**Excerpted data**
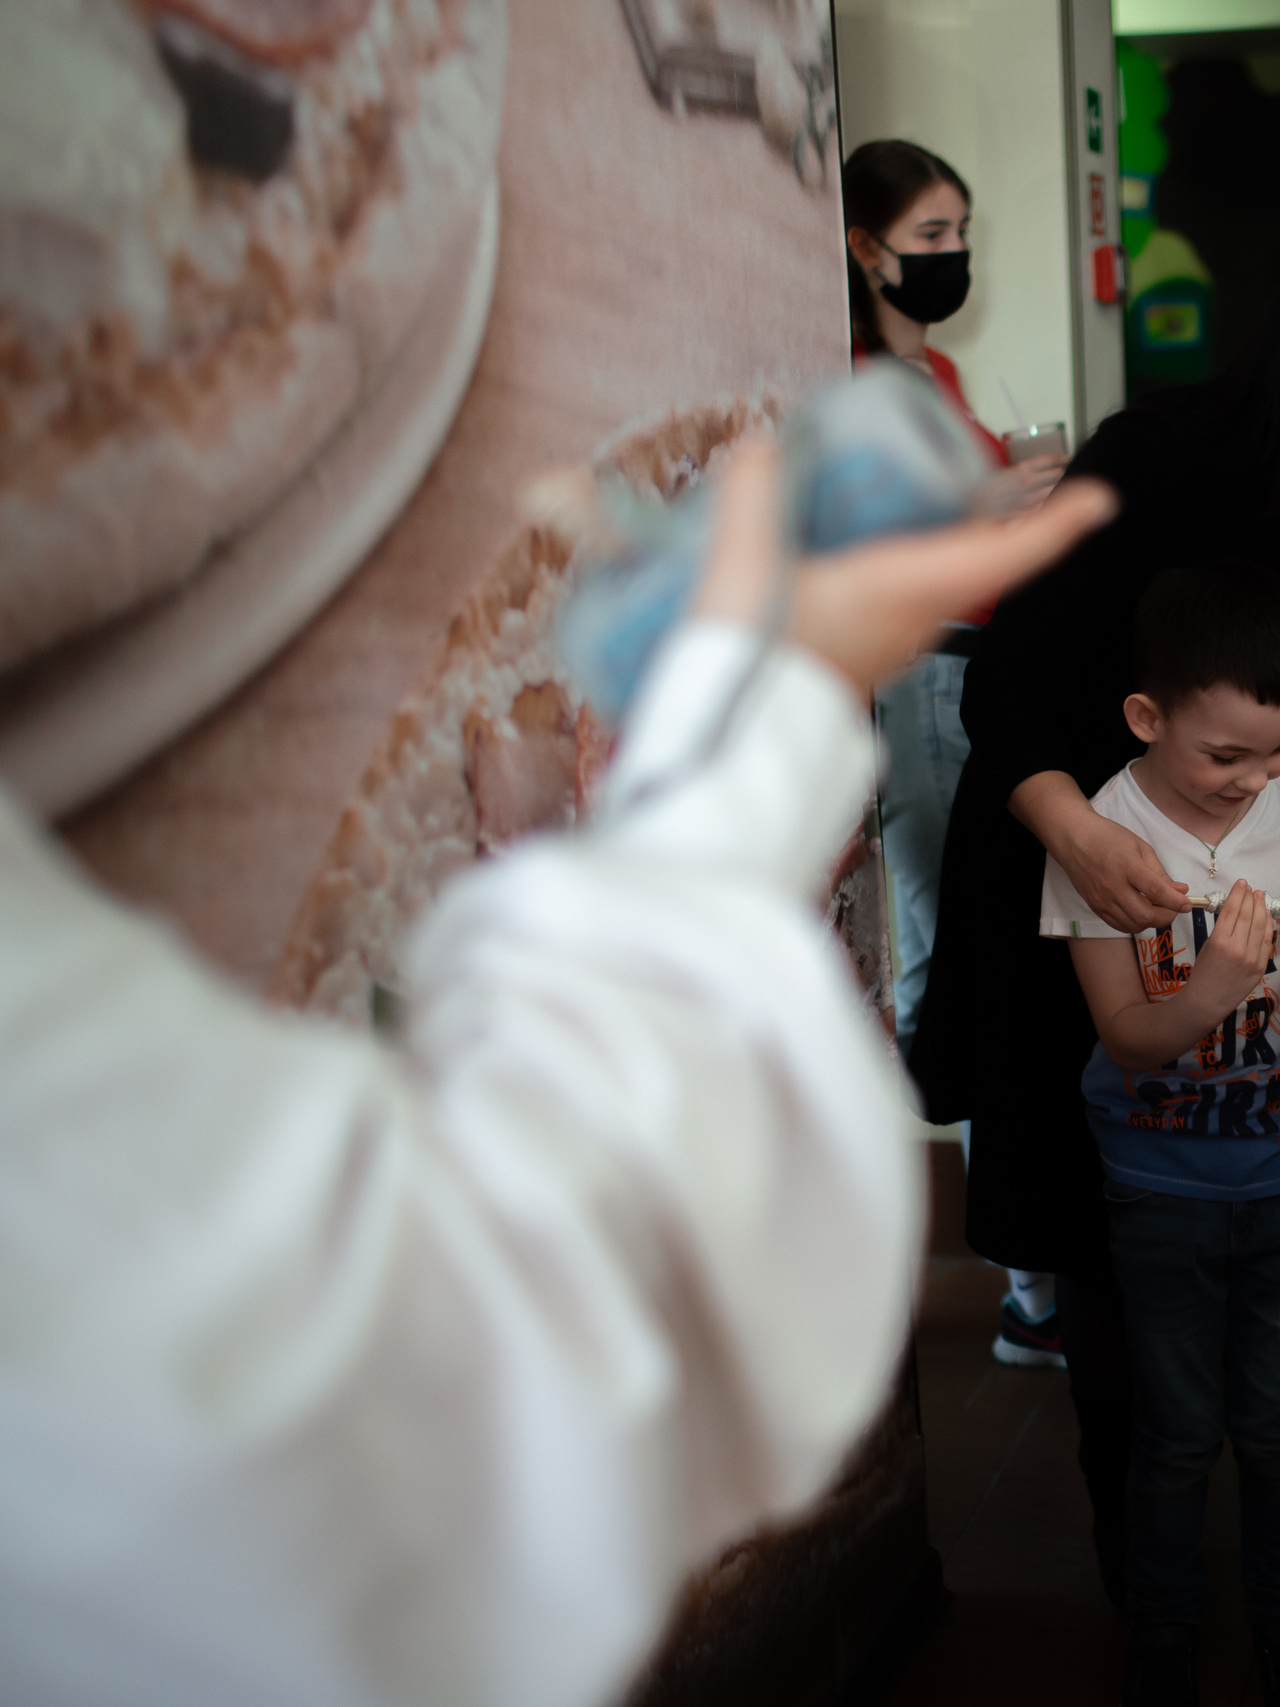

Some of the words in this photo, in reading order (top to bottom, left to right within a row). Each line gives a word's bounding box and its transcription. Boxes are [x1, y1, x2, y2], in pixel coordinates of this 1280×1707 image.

[1138, 929, 1174, 963] DEEP
[1193, 1049, 1217, 1068] TO
[1186, 1063, 1229, 1081] SURF
[1125, 1115, 1185, 1130] EVERYDAY
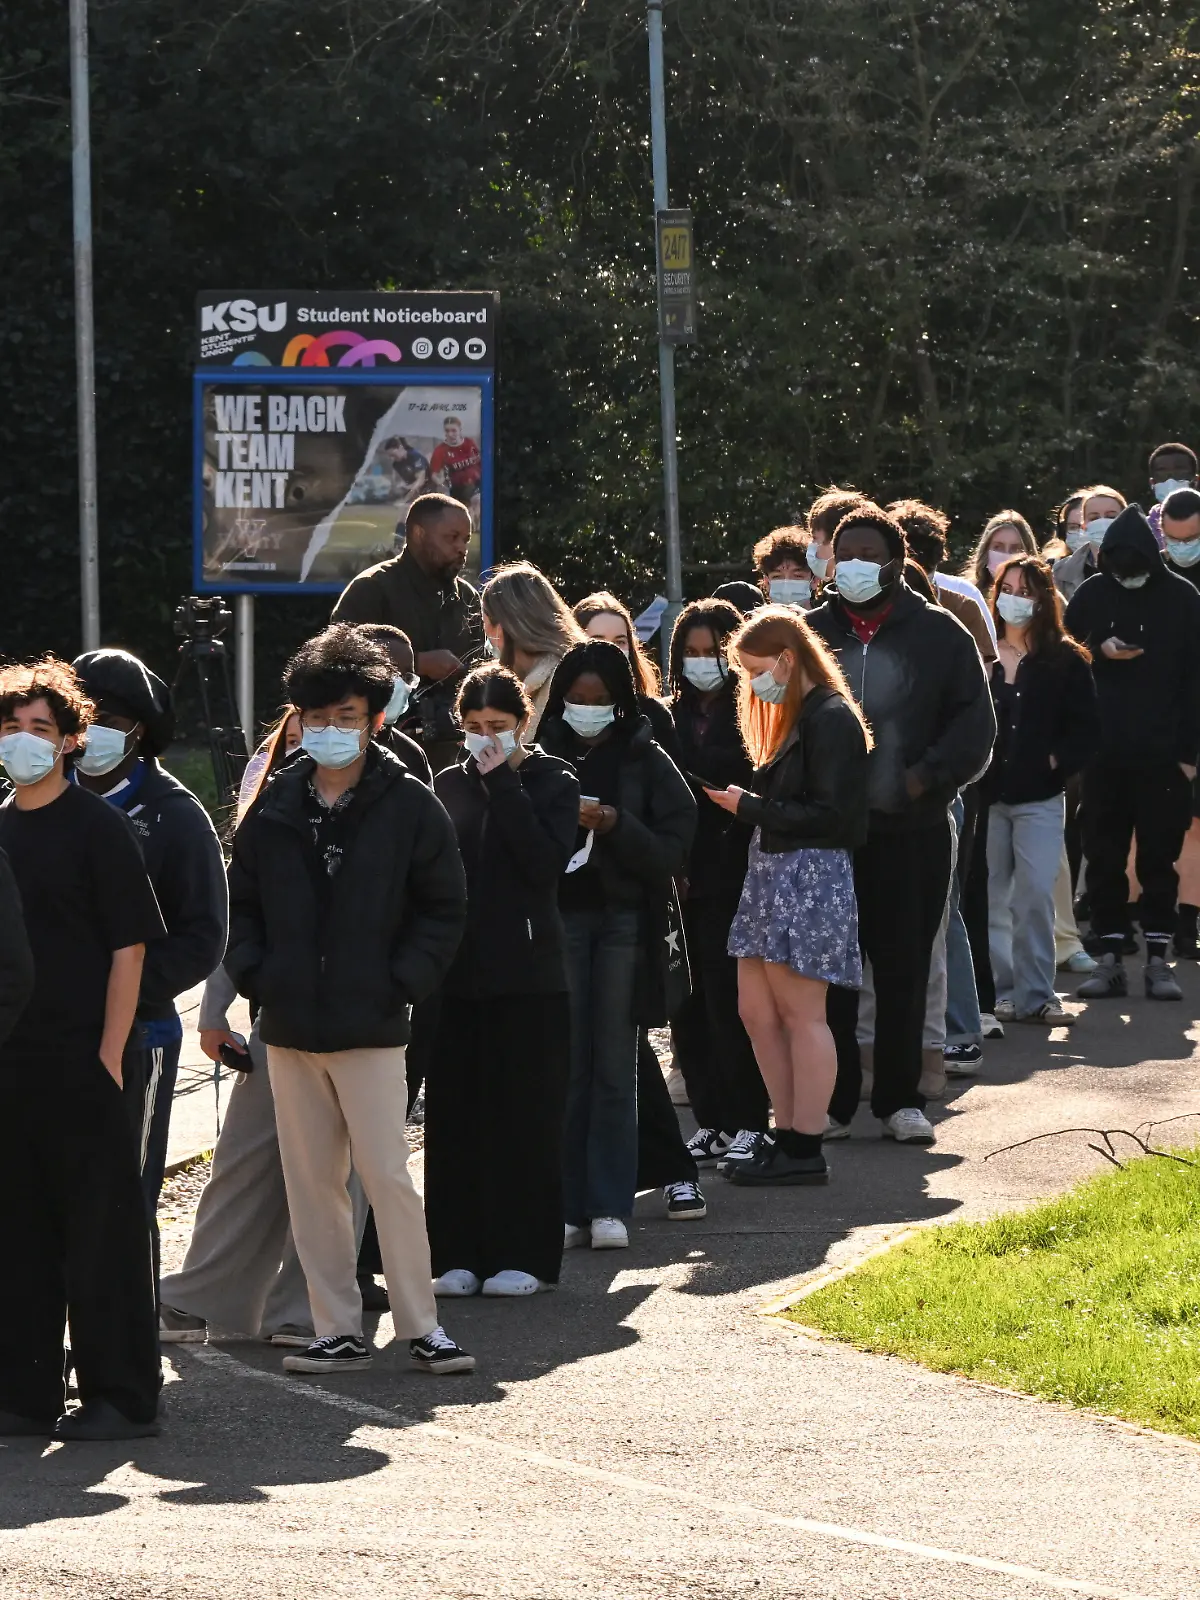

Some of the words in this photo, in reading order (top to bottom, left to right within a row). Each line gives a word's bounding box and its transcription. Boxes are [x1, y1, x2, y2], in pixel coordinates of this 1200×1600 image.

[664, 234, 688, 260] 24/7
[663, 272, 691, 286] SECURITY
[297, 307, 370, 323] Student
[374, 307, 487, 324] Noticeboard
[201, 332, 231, 345] KENT
[201, 345, 234, 358] UNION
[214, 394, 262, 432] WE
[268, 395, 347, 432] BACK
[214, 433, 295, 471] TEAM
[214, 471, 289, 509] KENT

**What is expected**
The expected output is every record above, copied exactly, without pictures.

**Answer to the problem**
Some of the words in this photo, in reading order (top to bottom, left to right within a row). Each line gives a word's bounding box and its transcription. Boxes are [x1, y1, x2, y2], in pixel coordinates of this 1280×1707 image.

[1138, 929, 1174, 963] DEEP
[1193, 1049, 1217, 1068] TO
[1186, 1063, 1229, 1081] SURF
[1125, 1115, 1185, 1130] EVERYDAY

Some of the words in this photo, in reading order (top to bottom, left to right within a row). Each line gives a word's bounding box and its transcription. Boxes are [x1, y1, x2, y2], in pixel coordinates of this 1200×1600 image.

[664, 234, 688, 260] 24/7
[663, 272, 691, 286] SECURITY
[297, 307, 370, 323] Student
[374, 307, 487, 324] Noticeboard
[201, 332, 231, 345] KENT
[201, 345, 234, 358] UNION
[214, 394, 262, 432] WE
[268, 395, 347, 432] BACK
[214, 433, 295, 471] TEAM
[214, 471, 289, 509] KENT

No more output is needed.